● WHAT TO PRODUCE:
Reproduce the records that follow exactly; any picture among them stays out.

● DATA RECORDS:
····················

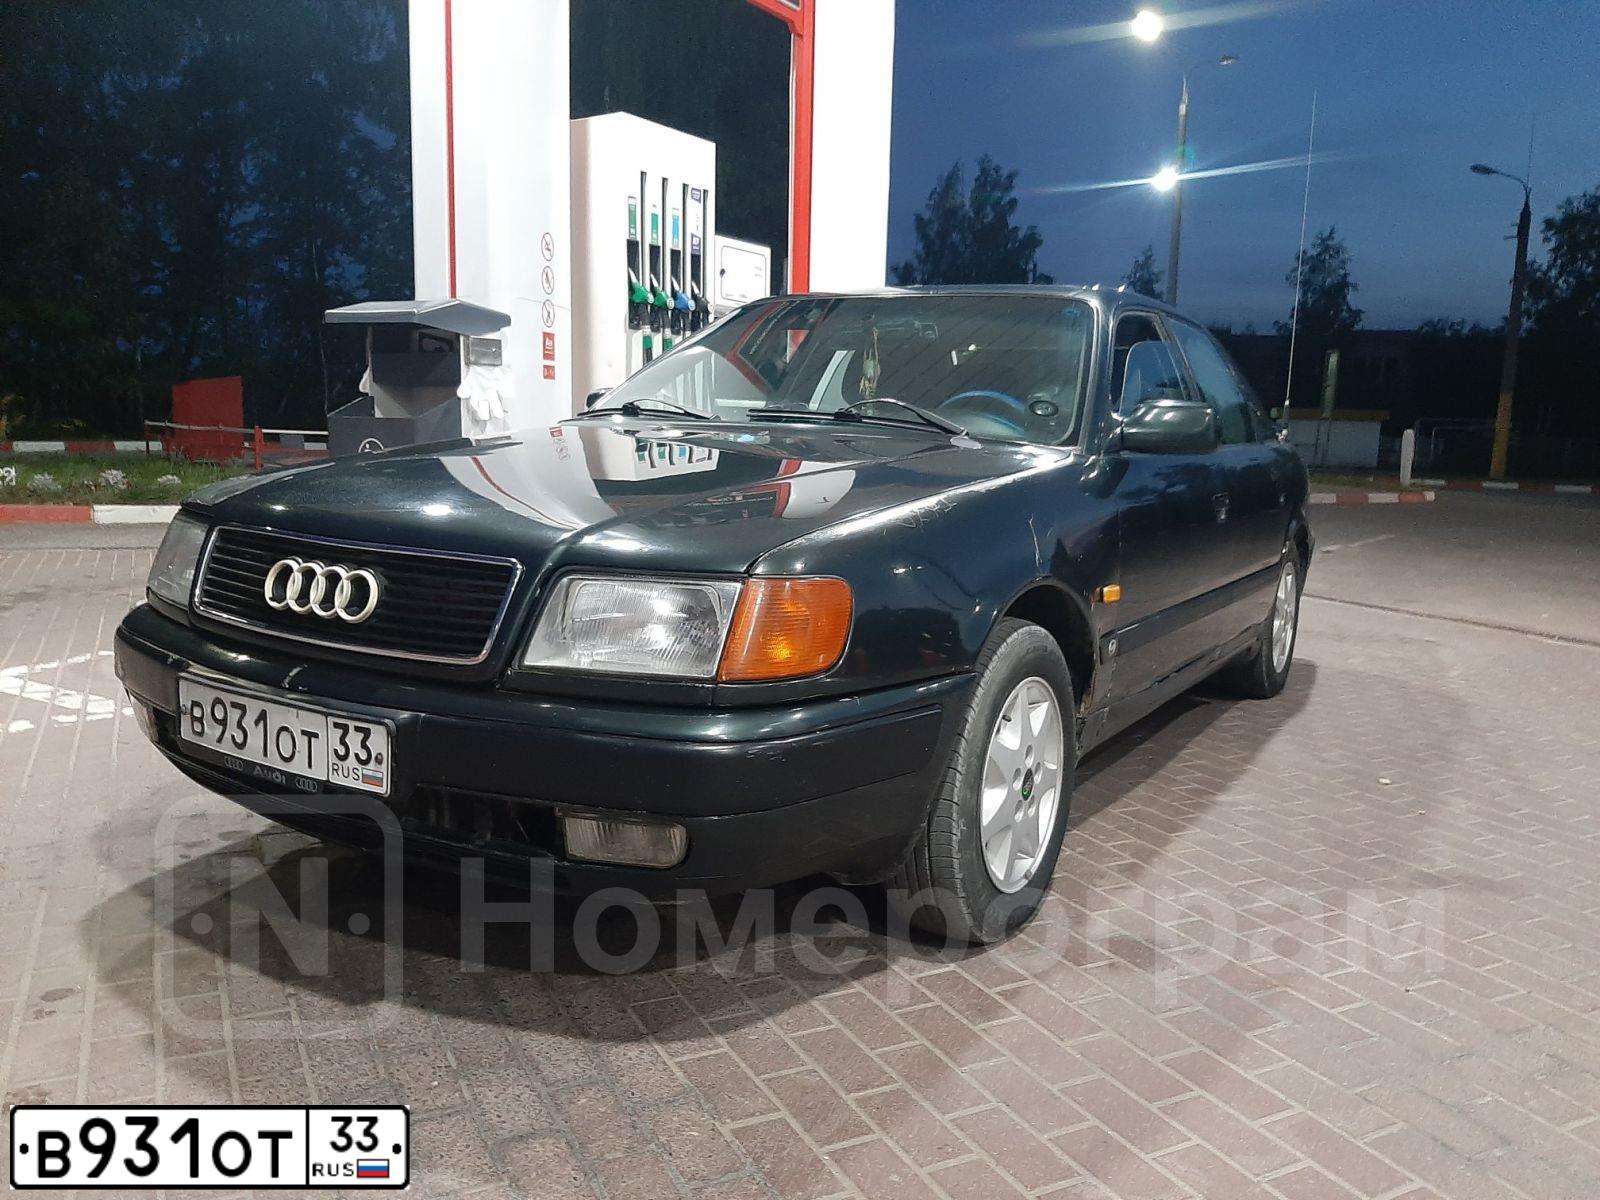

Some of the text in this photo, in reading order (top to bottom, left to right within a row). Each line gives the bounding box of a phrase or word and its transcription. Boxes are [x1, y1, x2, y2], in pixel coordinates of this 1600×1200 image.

[190, 697, 319, 769] В931ОТ
[332, 722, 373, 766] 33
[331, 763, 361, 781] RUS
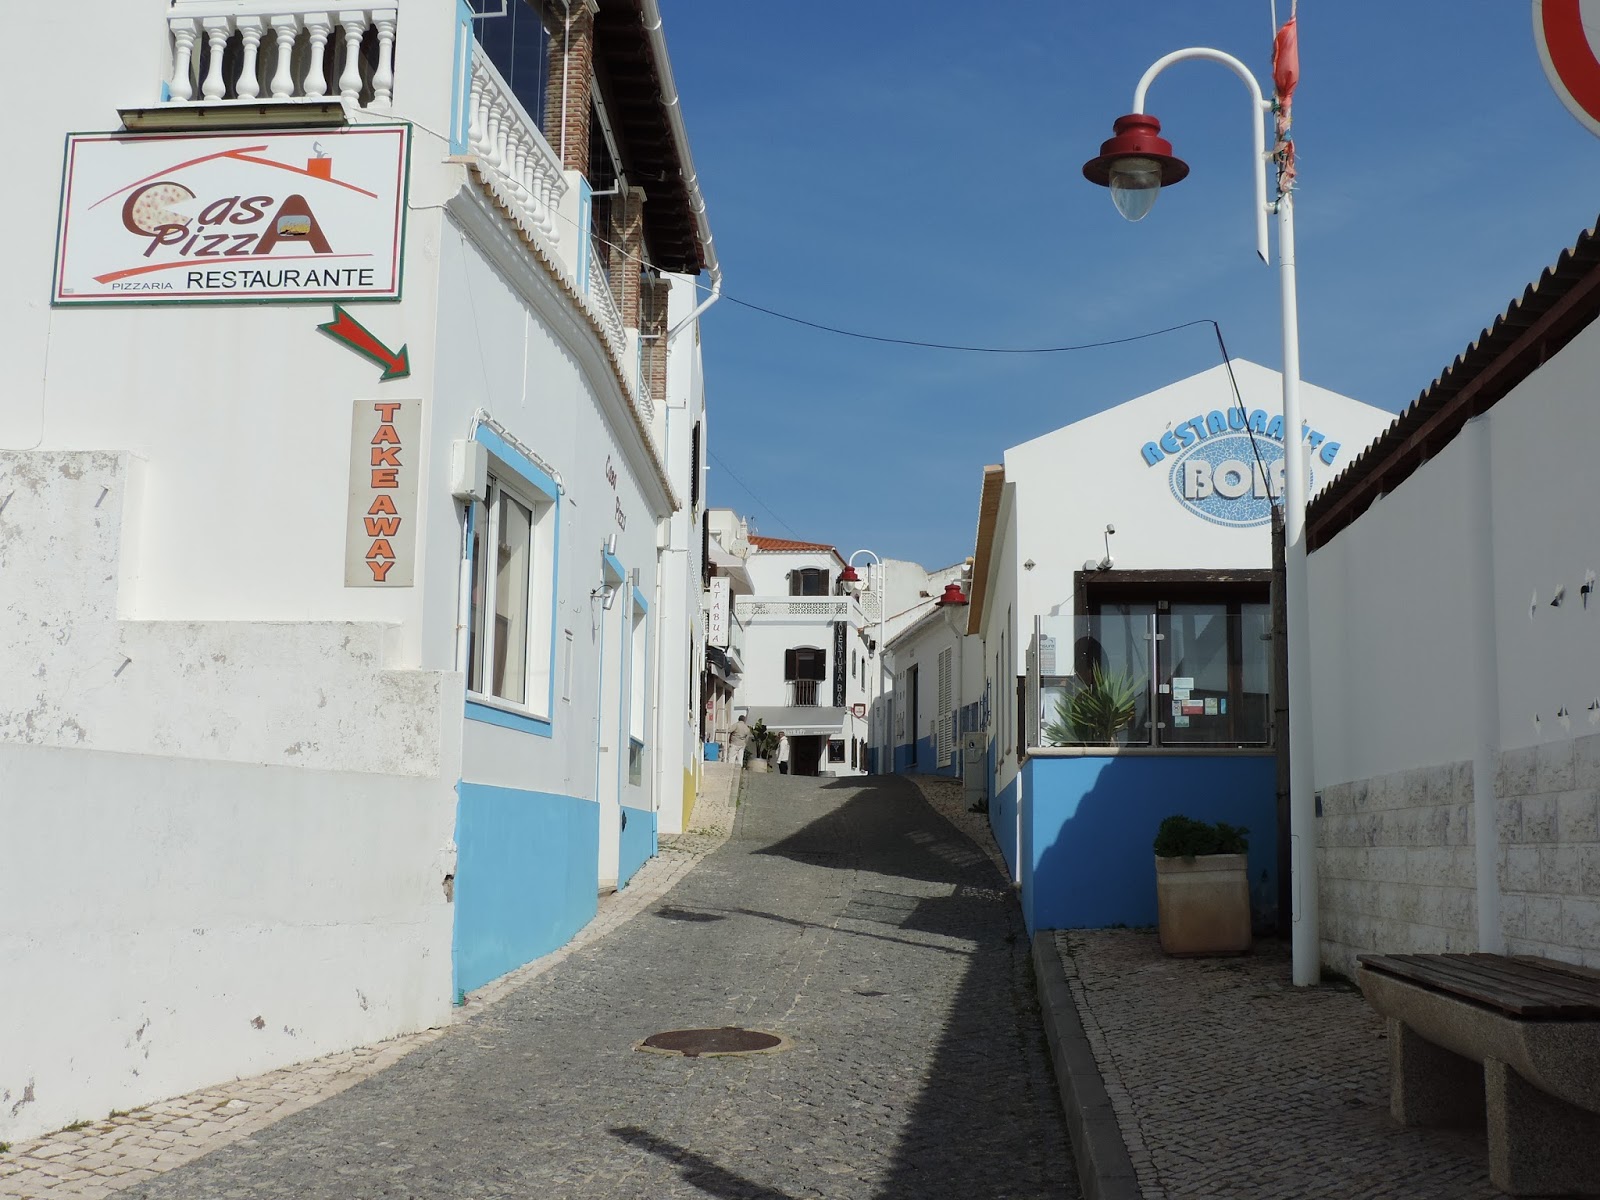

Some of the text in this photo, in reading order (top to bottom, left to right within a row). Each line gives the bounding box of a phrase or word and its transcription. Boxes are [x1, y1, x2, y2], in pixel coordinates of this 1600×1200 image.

[112, 268, 375, 291] PIZZARIA RESTAURANTE
[363, 402, 403, 582] TAKE AWAY

····················

● EXPECTED ANSWER:
Some of the text in this photo, in reading order (top to bottom, left to right within a row). Each line gives the bounding box of a phrase or word and its transcription. Boxes are [x1, y1, x2, y2], in pixel coordinates of this 1600×1200 image.

[190, 697, 319, 769] В931ОТ
[332, 722, 373, 766] 33
[331, 763, 361, 781] RUS

Some of the text in this photo, in reading order (top to bottom, left to right within a row). Each line gives the bounding box of a phrase or word and its transcription. Boxes are [x1, y1, x2, y2], in pixel coordinates of this 1600×1200 image.

[112, 268, 375, 291] PIZZARIA RESTAURANTE
[363, 402, 403, 582] TAKE AWAY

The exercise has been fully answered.